Counsel conceded that "[t]he letter is lacking in detail." In his brief, he further asserted:

This counsel was able to speak with Mr. Chung by telephone and he indicated he never saw [defendant] involved in this incident. Mr. Chung did say that the co-defendant, Mr. Hansen, struck him and took his property but he did not believe [defendant] was involved. Mr. Chung indicated he was pressured by the investigating detectives to give a statement against [defendant].

Counsel further stated:

Defendant wished to go to trial on this charge but he was pressured by his defense counsel to take the plea. Had counsel investigated this matter, he would have seen that Mr. Chung was not robbed by [defendant] and that information could have been turned over to the authorities for consideration as to the resolution of this case. Mr. Chung indicated to this counsel he would state under oath he was not victimized by [defendant] despite his earlier assertion that he was.

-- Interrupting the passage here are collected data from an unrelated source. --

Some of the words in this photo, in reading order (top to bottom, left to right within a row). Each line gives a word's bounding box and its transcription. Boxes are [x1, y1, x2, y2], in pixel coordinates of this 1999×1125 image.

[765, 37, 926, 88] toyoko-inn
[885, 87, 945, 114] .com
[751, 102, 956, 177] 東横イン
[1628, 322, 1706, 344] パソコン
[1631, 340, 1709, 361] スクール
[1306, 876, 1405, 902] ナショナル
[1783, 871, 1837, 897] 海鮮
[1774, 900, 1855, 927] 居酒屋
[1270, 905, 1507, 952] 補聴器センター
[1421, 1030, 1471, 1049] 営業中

None of counsel's factual allegations were set forth in an affidavit. Defendant filed no supplemental certification setting forth these allegations and no affidavit was provided from Chung.

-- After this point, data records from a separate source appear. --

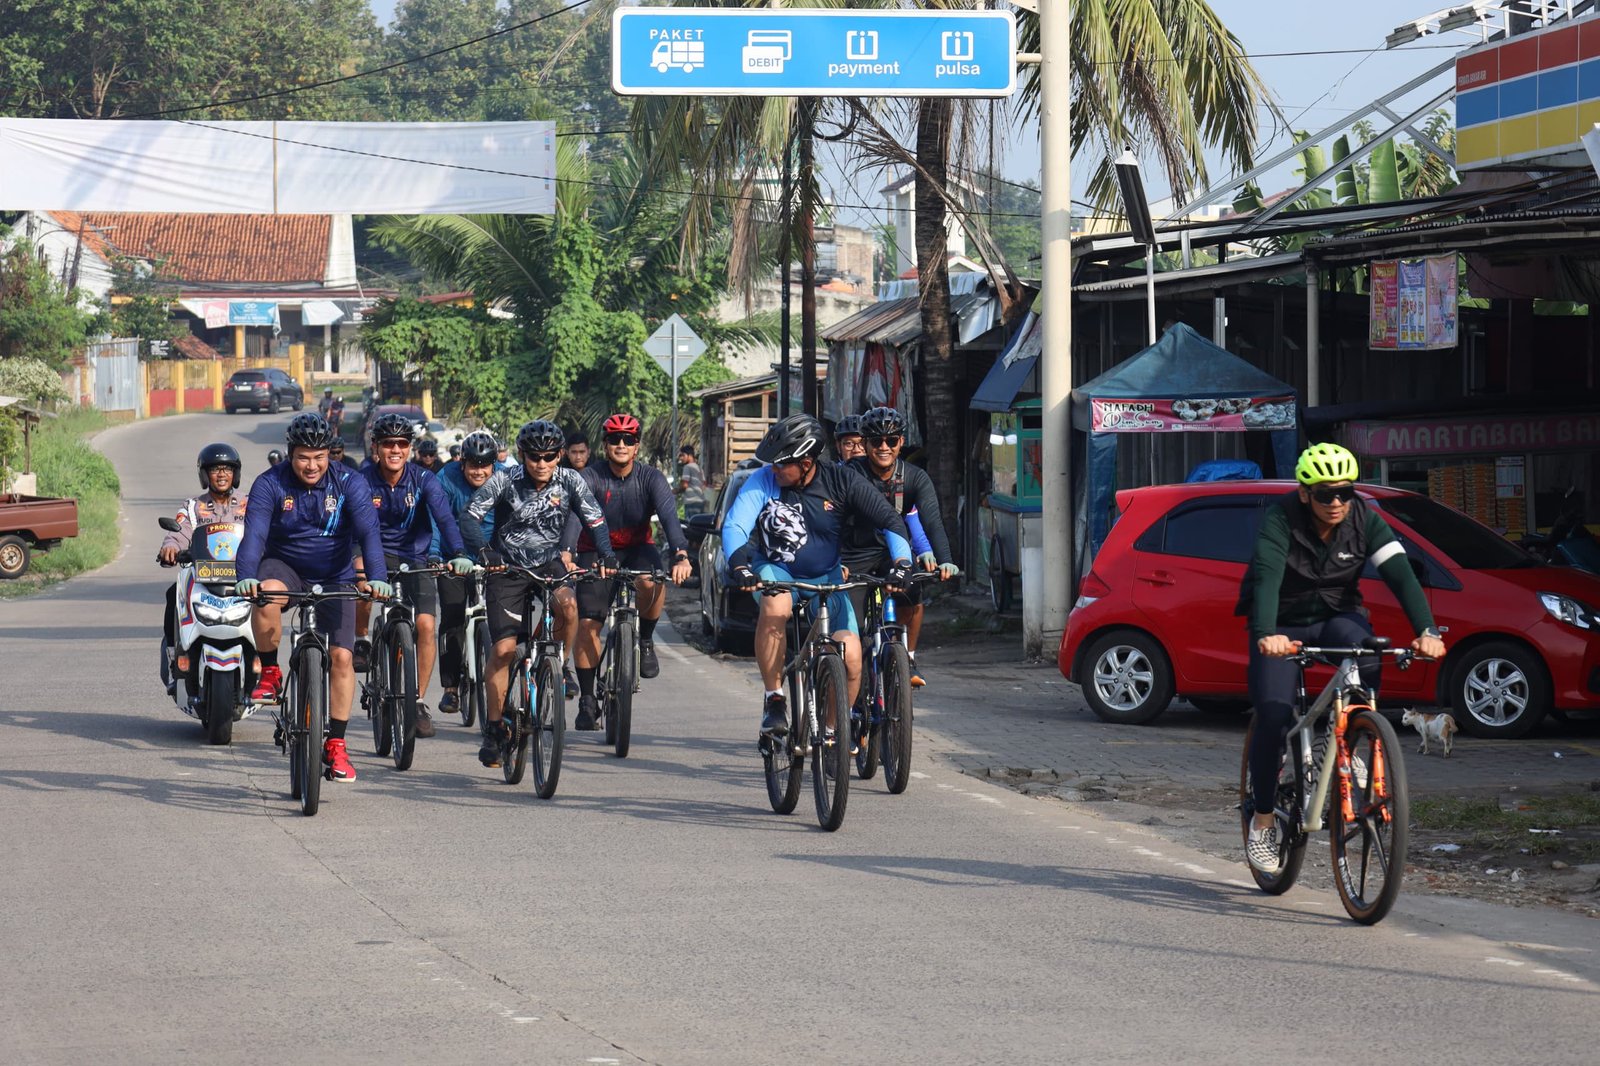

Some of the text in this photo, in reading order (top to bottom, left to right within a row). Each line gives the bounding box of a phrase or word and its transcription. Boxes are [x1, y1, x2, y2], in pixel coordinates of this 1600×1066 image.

[649, 28, 704, 40] PAKET
[748, 57, 781, 68] DEBIT
[828, 60, 900, 78] payment
[935, 61, 981, 77] pulsa
[1387, 422, 1546, 450] MARTABAK
[213, 567, 237, 577] 18009X

Under these circumstances, Judge Lourdes I. Santiago denied defendant's petition for PCR in a thoughtful and comprehensive written opinion. The judge found defendant had failed to demonstrate a prima facie case of ineffective assistance of counsel that would warrant an evidentiary hearing. With regard to the specific allegations made by defendant's counsel concerning Chung, the judge stated:

Having considered all arguments made, this [c]ourt finds no merit with [defendant's] claim. While [defendant] did present a hand-written letter to the [c]ourt, purported to be that of the victim, [defendant's] counsel, himself, stated that he was not sure whether the letter was actually written by the victim. [Defendant's] counsel, who claims he received a phone call from the alleged victim, also stated he was not sure whether the person he spoke to on the phone was the victim. There was no certification or affidavit from the victim which indicates that [defendant] did not commit a robbery against him, and . . . the only writing that is available is an undated, hand-written letter to the Hudson County Prosecutor's Office stating that the robbery never occurred. This [c]ourt would be hard-pressed to believe that the hand-written letter belonged to the victim.

This appeal followed.


On appeal, defendant raises the following arguments:

A. The Prevailing Legal Principles Regarding Claims Of Ineffective Assistance Of Counsel, Evidentiary Hearings And Petitions For [PCR].
B. Trial Counsel Rendered Ineffective Legal Representation By Virtue Of His Failure To Investigate The Robbery Regarding Indictment No. 1503-10-05.
C. Defendant Is Entitled To A Remand To The Trial Court To Afford Him An Evidentiary Hearing To Determine The Merits Of His Contention That He Was Denied [T]he Effective Assistance Of Trial Counsel.

We have considered these arguments in light of the record and applicable legal standards. We affirm substantially for the reasons expressed by Judge Santiago in her written decision. We add only the following.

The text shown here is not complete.